* _Entries supplied_
* * *

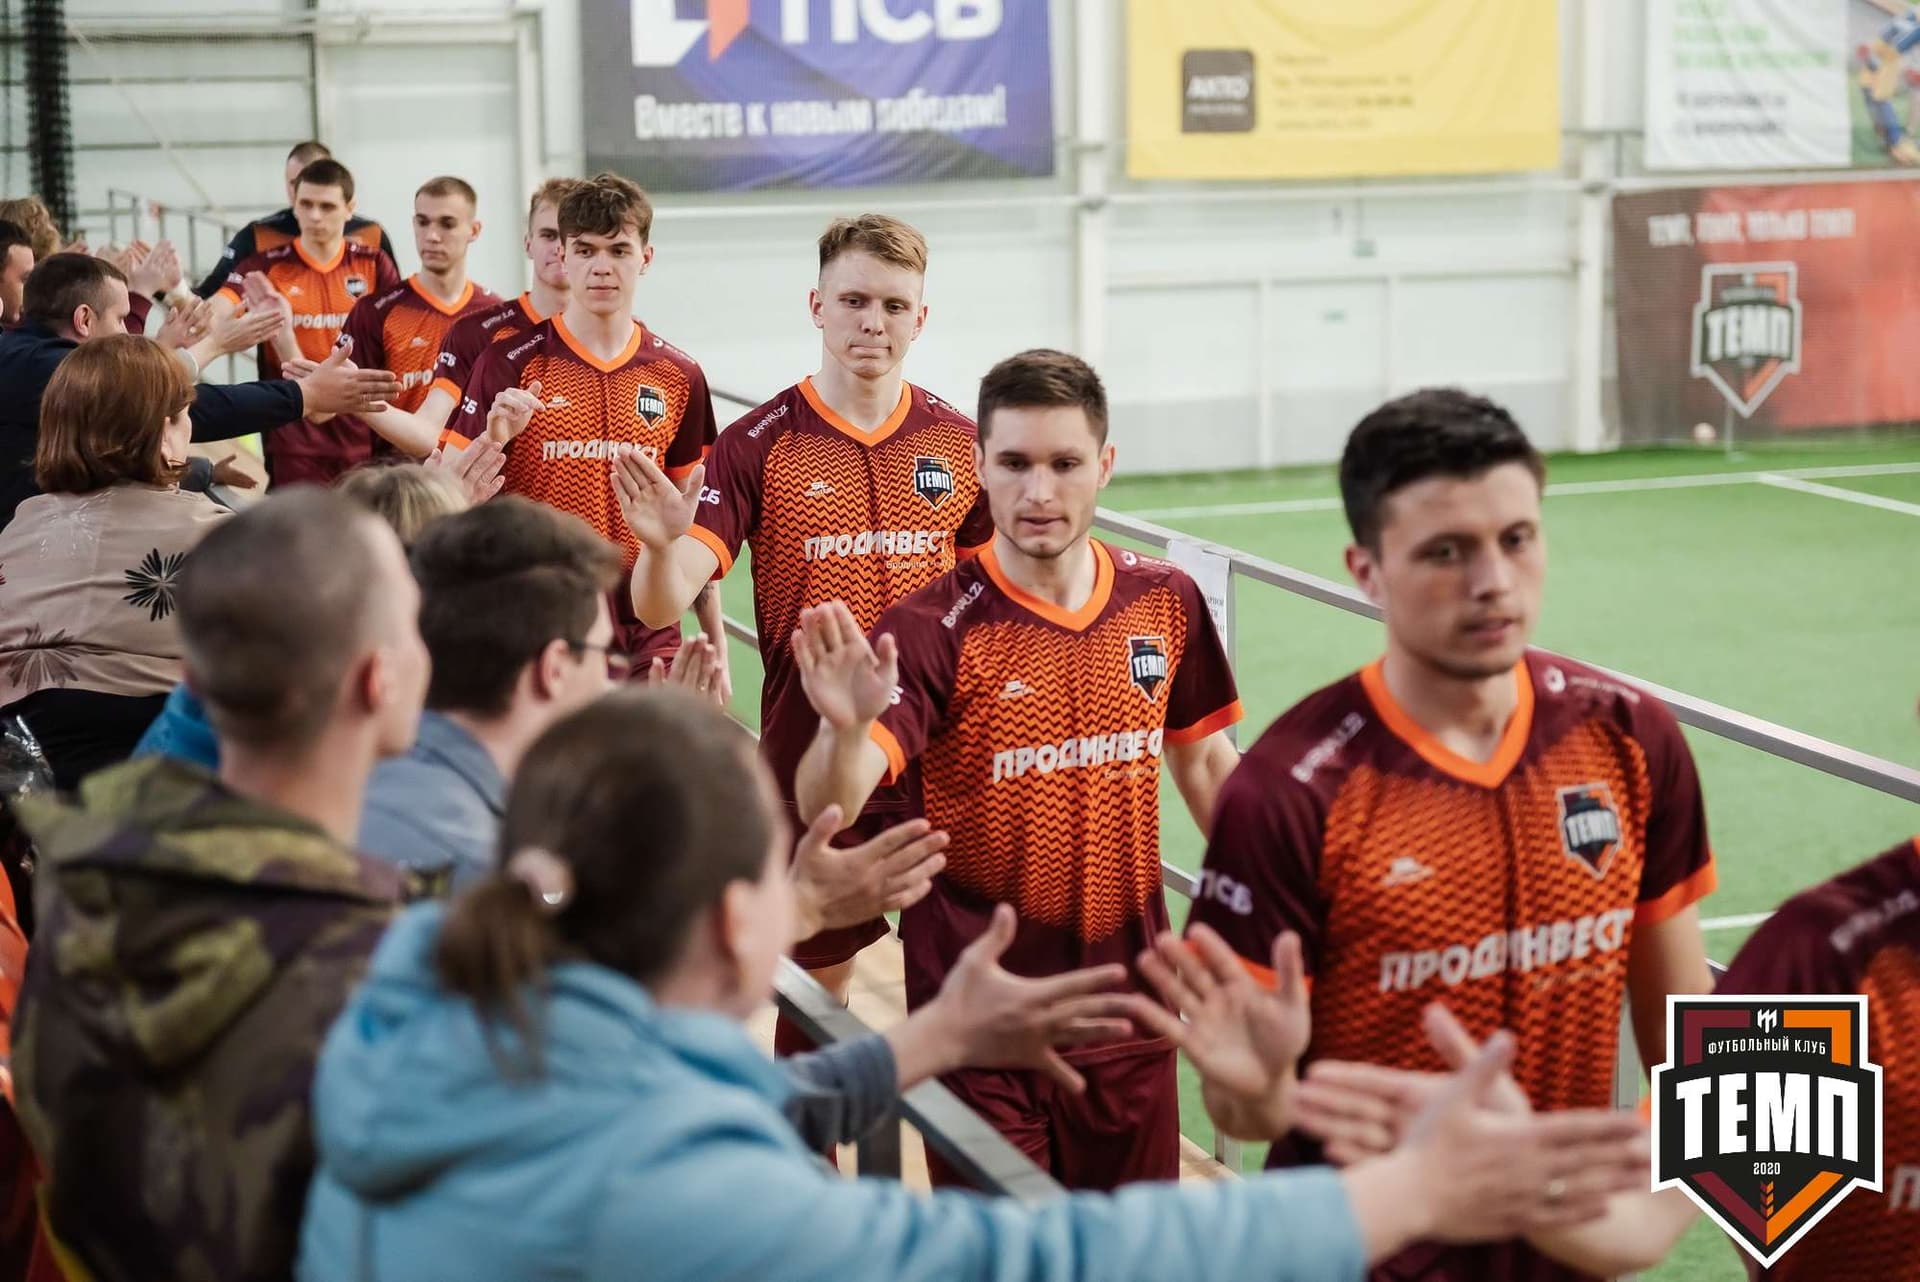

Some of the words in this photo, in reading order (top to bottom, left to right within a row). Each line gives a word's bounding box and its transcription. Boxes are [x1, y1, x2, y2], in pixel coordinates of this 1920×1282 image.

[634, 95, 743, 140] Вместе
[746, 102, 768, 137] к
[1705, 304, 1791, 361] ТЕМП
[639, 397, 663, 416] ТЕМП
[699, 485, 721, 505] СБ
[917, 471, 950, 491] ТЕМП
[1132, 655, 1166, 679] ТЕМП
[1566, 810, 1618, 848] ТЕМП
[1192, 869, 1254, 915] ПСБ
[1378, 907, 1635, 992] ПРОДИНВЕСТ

* * *

* _What you are asked to do_
Restate the entries verbatim and exclude any pictures.

* _Solution below_
Some of the words in this photo, in reading order (top to bottom, left to right within a row). Each line gives a word's bounding box and its transcription. Boxes are [x1, y1, x2, y2], in pixel coordinates of this 1920×1282 image.

[634, 95, 743, 140] Вместе
[746, 102, 768, 137] к
[1705, 304, 1791, 361] ТЕМП
[639, 397, 663, 416] ТЕМП
[699, 485, 721, 505] СБ
[917, 471, 950, 491] ТЕМП
[1132, 655, 1166, 679] ТЕМП
[1566, 810, 1618, 848] ТЕМП
[1192, 869, 1254, 915] ПСБ
[1378, 907, 1635, 992] ПРОДИНВЕСТ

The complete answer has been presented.